TASK TO COMPLETE. What is needed is a word-for-word copy of the records below.

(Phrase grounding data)
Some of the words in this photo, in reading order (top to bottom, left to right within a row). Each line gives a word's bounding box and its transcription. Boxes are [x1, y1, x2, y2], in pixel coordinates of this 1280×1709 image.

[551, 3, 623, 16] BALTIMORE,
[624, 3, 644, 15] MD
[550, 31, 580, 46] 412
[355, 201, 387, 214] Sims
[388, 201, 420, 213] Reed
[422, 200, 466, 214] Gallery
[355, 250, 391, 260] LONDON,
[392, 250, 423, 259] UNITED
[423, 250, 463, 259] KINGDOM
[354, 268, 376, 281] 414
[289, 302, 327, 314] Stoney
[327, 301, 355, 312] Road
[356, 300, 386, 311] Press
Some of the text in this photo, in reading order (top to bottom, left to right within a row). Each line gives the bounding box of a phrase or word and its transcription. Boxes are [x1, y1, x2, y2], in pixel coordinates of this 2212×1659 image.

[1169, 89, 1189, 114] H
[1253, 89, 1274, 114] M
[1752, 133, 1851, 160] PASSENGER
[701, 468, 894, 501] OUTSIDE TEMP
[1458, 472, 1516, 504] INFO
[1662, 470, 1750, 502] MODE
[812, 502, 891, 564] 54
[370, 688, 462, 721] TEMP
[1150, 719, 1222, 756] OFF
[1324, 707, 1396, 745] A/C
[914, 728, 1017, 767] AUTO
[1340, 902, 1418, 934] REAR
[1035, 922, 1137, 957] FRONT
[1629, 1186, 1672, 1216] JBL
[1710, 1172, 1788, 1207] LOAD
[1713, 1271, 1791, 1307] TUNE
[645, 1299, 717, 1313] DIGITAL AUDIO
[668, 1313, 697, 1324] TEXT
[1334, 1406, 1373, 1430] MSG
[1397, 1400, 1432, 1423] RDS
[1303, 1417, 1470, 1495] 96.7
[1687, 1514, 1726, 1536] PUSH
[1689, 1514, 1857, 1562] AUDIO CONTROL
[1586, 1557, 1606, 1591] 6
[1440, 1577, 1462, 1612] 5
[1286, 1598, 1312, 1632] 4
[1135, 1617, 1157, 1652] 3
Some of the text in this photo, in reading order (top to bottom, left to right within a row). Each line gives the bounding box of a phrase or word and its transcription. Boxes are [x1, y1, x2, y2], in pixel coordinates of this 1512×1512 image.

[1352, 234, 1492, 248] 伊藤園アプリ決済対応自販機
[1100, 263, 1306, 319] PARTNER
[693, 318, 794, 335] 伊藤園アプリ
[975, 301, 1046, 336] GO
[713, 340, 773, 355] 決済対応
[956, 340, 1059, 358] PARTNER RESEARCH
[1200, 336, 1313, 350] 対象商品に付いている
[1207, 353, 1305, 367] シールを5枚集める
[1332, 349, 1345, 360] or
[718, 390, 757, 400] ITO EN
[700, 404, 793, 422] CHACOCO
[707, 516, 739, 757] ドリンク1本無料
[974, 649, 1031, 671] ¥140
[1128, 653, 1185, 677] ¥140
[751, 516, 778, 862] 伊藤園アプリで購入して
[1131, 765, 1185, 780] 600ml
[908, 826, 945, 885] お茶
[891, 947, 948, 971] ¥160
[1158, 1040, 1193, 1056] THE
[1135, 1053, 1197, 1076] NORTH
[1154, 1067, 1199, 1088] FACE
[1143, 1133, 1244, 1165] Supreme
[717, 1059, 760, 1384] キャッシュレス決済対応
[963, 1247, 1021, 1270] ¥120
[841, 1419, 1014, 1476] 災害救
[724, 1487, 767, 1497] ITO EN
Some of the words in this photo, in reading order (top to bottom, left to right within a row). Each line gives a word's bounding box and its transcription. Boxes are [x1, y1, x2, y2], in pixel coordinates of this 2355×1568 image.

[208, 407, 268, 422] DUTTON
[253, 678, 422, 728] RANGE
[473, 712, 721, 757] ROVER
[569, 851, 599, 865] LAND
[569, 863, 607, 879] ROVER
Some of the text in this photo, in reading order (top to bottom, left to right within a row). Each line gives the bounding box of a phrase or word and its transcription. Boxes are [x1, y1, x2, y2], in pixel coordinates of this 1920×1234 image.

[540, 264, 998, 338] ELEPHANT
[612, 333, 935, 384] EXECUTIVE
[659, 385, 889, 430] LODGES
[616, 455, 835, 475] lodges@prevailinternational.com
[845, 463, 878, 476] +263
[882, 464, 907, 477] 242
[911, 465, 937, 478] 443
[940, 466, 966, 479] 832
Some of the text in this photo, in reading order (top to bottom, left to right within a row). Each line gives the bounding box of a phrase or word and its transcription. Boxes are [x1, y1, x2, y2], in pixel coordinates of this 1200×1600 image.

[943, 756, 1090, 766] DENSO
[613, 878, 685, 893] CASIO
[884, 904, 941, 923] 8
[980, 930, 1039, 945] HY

YOUR RESPONSE.
Some of the words in this photo, in reading order (top to bottom, left to right within a row). Each line gives a word's bounding box and its transcription. Boxes are [x1, y1, x2, y2], in pixel coordinates of this 1280×1709 image.

[551, 3, 623, 16] BALTIMORE,
[624, 3, 644, 15] MD
[550, 31, 580, 46] 412
[355, 201, 387, 214] Sims
[388, 201, 420, 213] Reed
[422, 200, 466, 214] Gallery
[355, 250, 391, 260] LONDON,
[392, 250, 423, 259] UNITED
[423, 250, 463, 259] KINGDOM
[354, 268, 376, 281] 414
[289, 302, 327, 314] Stoney
[327, 301, 355, 312] Road
[356, 300, 386, 311] Press
Some of the text in this photo, in reading order (top to bottom, left to right within a row). Each line gives the bounding box of a phrase or word and its transcription. Boxes are [x1, y1, x2, y2], in pixel coordinates of this 2212×1659 image.

[1169, 89, 1189, 114] H
[1253, 89, 1274, 114] M
[1752, 133, 1851, 160] PASSENGER
[701, 468, 894, 501] OUTSIDE TEMP
[1458, 472, 1516, 504] INFO
[1662, 470, 1750, 502] MODE
[812, 502, 891, 564] 54
[370, 688, 462, 721] TEMP
[1150, 719, 1222, 756] OFF
[1324, 707, 1396, 745] A/C
[914, 728, 1017, 767] AUTO
[1340, 902, 1418, 934] REAR
[1035, 922, 1137, 957] FRONT
[1629, 1186, 1672, 1216] JBL
[1710, 1172, 1788, 1207] LOAD
[1713, 1271, 1791, 1307] TUNE
[645, 1299, 717, 1313] DIGITAL AUDIO
[668, 1313, 697, 1324] TEXT
[1334, 1406, 1373, 1430] MSG
[1397, 1400, 1432, 1423] RDS
[1303, 1417, 1470, 1495] 96.7
[1687, 1514, 1726, 1536] PUSH
[1689, 1514, 1857, 1562] AUDIO CONTROL
[1586, 1557, 1606, 1591] 6
[1440, 1577, 1462, 1612] 5
[1286, 1598, 1312, 1632] 4
[1135, 1617, 1157, 1652] 3
Some of the text in this photo, in reading order (top to bottom, left to right within a row). Each line gives the bounding box of a phrase or word and its transcription. Boxes are [x1, y1, x2, y2], in pixel coordinates of this 1512×1512 image.

[1352, 234, 1492, 248] 伊藤園アプリ決済対応自販機
[1100, 263, 1306, 319] PARTNER
[693, 318, 794, 335] 伊藤園アプリ
[975, 301, 1046, 336] GO
[713, 340, 773, 355] 決済対応
[956, 340, 1059, 358] PARTNER RESEARCH
[1200, 336, 1313, 350] 対象商品に付いている
[1207, 353, 1305, 367] シールを5枚集める
[1332, 349, 1345, 360] or
[718, 390, 757, 400] ITO EN
[700, 404, 793, 422] CHACOCO
[707, 516, 739, 757] ドリンク1本無料
[974, 649, 1031, 671] ¥140
[1128, 653, 1185, 677] ¥140
[751, 516, 778, 862] 伊藤園アプリで購入して
[1131, 765, 1185, 780] 600ml
[908, 826, 945, 885] お茶
[891, 947, 948, 971] ¥160
[1158, 1040, 1193, 1056] THE
[1135, 1053, 1197, 1076] NORTH
[1154, 1067, 1199, 1088] FACE
[1143, 1133, 1244, 1165] Supreme
[717, 1059, 760, 1384] キャッシュレス決済対応
[963, 1247, 1021, 1270] ¥120
[841, 1419, 1014, 1476] 災害救
[724, 1487, 767, 1497] ITO EN
Some of the words in this photo, in reading order (top to bottom, left to right within a row). Each line gives a word's bounding box and its transcription. Boxes are [x1, y1, x2, y2], in pixel coordinates of this 2355×1568 image.

[208, 407, 268, 422] DUTTON
[253, 678, 422, 728] RANGE
[473, 712, 721, 757] ROVER
[569, 851, 599, 865] LAND
[569, 863, 607, 879] ROVER
Some of the text in this photo, in reading order (top to bottom, left to right within a row). Each line gives the bounding box of a phrase or word and its transcription. Boxes are [x1, y1, x2, y2], in pixel coordinates of this 1920×1234 image.

[540, 264, 998, 338] ELEPHANT
[612, 333, 935, 384] EXECUTIVE
[659, 385, 889, 430] LODGES
[616, 455, 835, 475] lodges@prevailinternational.com
[845, 463, 878, 476] +263
[882, 464, 907, 477] 242
[911, 465, 937, 478] 443
[940, 466, 966, 479] 832
Some of the text in this photo, in reading order (top to bottom, left to right within a row). Each line gives the bounding box of a phrase or word and its transcription. Boxes are [x1, y1, x2, y2], in pixel coordinates of this 1200×1600 image.

[943, 756, 1090, 766] DENSO
[613, 878, 685, 893] CASIO
[884, 904, 941, 923] 8
[980, 930, 1039, 945] HY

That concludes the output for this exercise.